C’est gagné ! Le concept est là, dans le rouleau à pâtisserie de la mégère,’le suaire du revenant et l’œil omniprésent. Le professeur ravi :
-Alors ? Qu’est-ce que vous en dites ? Est-ce qu’on pourrait maintenant dire quelle est la différence entre les deux séries de formes ?
Un doigt se lève, une voix s’élève : “Le present perfect c’est pour les actions terminées et datées, le prétérit, C’est pour le reste.”
Faut-il préciser que le professeur est déçu ? La formulation nous ramène brutalement au premier état des schémas, et encore, tout à l’envers !
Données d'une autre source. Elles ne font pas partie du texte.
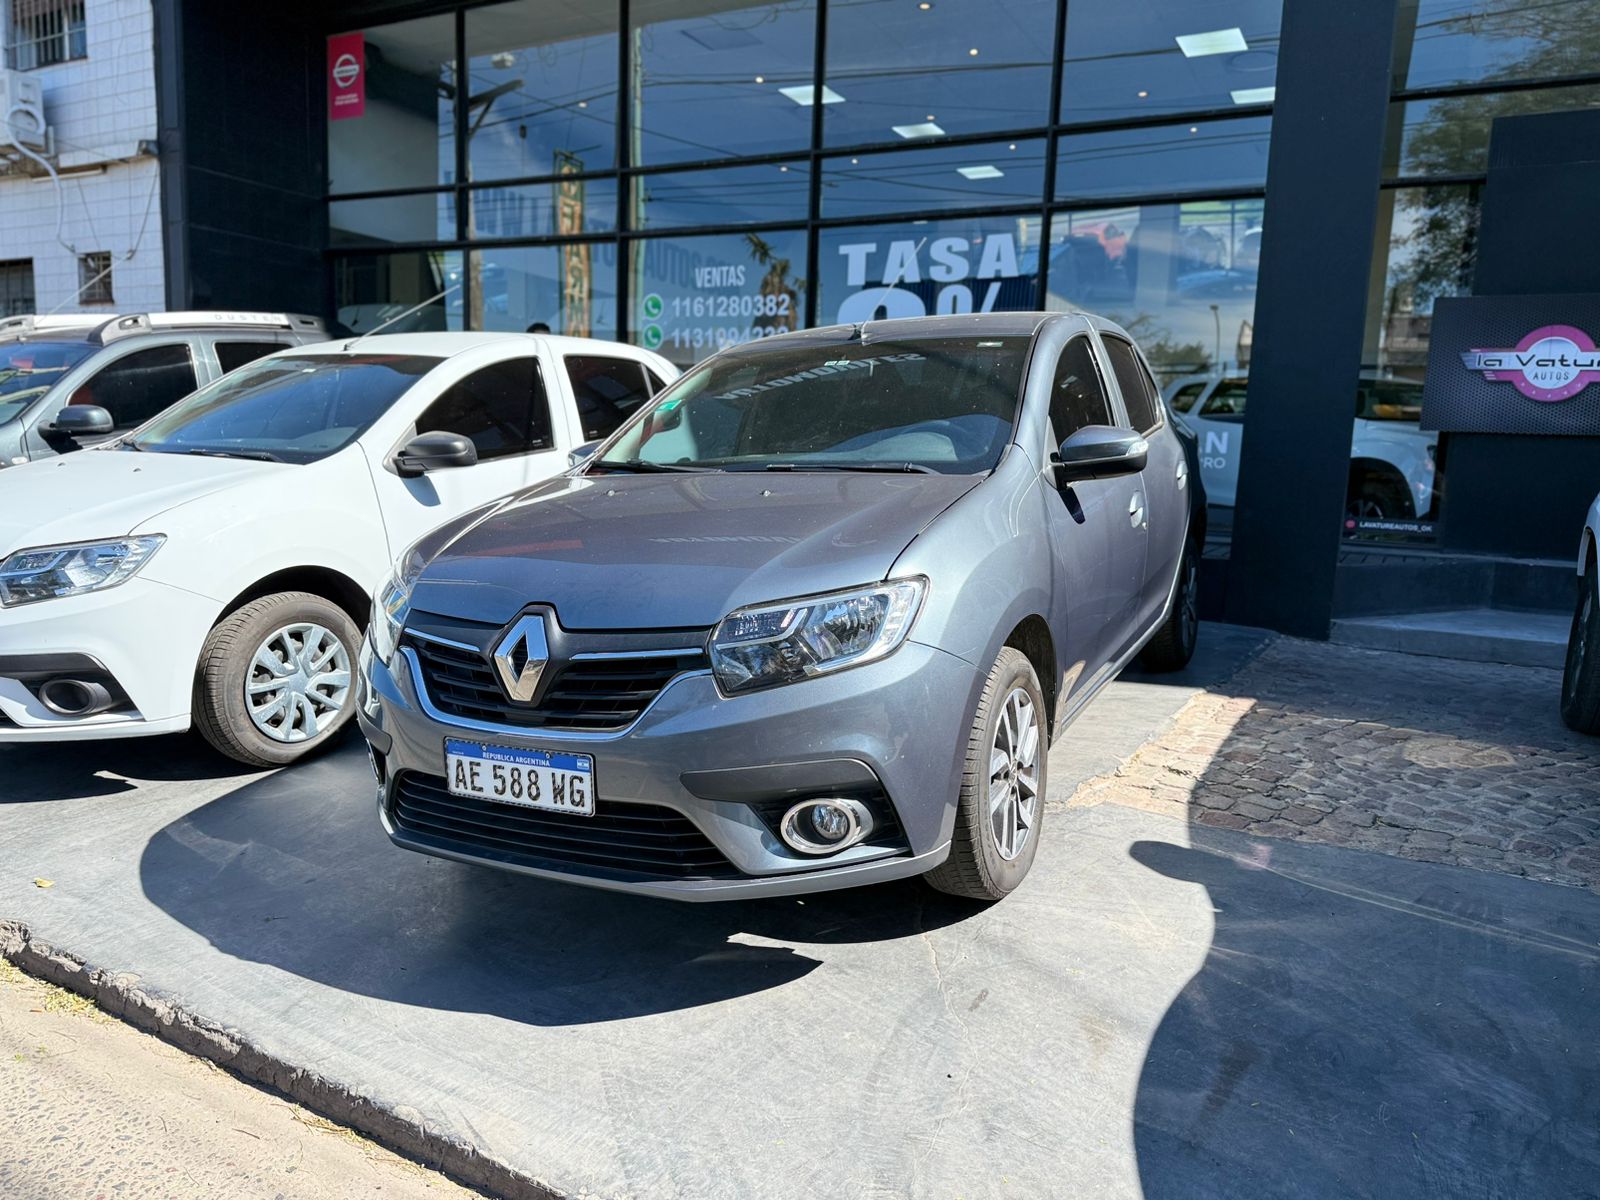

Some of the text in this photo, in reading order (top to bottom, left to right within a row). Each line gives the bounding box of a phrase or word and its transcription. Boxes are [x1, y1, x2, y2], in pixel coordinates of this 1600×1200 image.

Je ne sais plus ce qui s’est passé ensuite, le temps a passé depuis, et l’impression qui m’est restée de ce jour d’effroi est que je m’étais fourvoyée d’un bout à l’autre, et d’abord et surtout dans l’évaluati0n des besoins subjectifs des élèves à ce moment-là. Peut-on dire qu’un savoir grammatical est construit quand il ne bouscule pas de manière radicale les références et le discours des intéressés dans ce domaine ? Si mon enthousiasme devant la réussite de ce que je considérais pour eux comme une conquête conceptuelle de taille était si peu partagé, n’était-ce pas que le jeu de construction était amplement resté jeu gratuit, extérieur, meaningless ? À| mieux y réfléchir, les choses ne sont pas si simples. Qui a levé le doigt ce jour-là ? Où en était-il personnellement de son rapport au savoir grammatical ? Par quelles réussites, par quels échecs était-il passé auparavant ? De quelles hésitations, de quel recul sa phrase si déconcertante était-elle l’expression ? La déconstruction d’un savoir, fût-il en “langue étrangère, est toujours un épisode dramatique qui met en cause des systèmes de repère (institutionnels, relationnels, idéologiques) sans commune mesure avec l’importance toute relative en somme que professeurs et élèves accordent au, prétérit et au présent perfect
Note : (1) J’appelle savoirs anciens les règles conscientes ou inconscientes qui fonctionnent a un moment donné dans la tête de l’élève, que ces savoirs soient ” corrects ” ou ” incorrects “. Le mot savoir recouvre pour moi l’état toujours provisoire mais toujours arrêté des représentations mentales de la chose.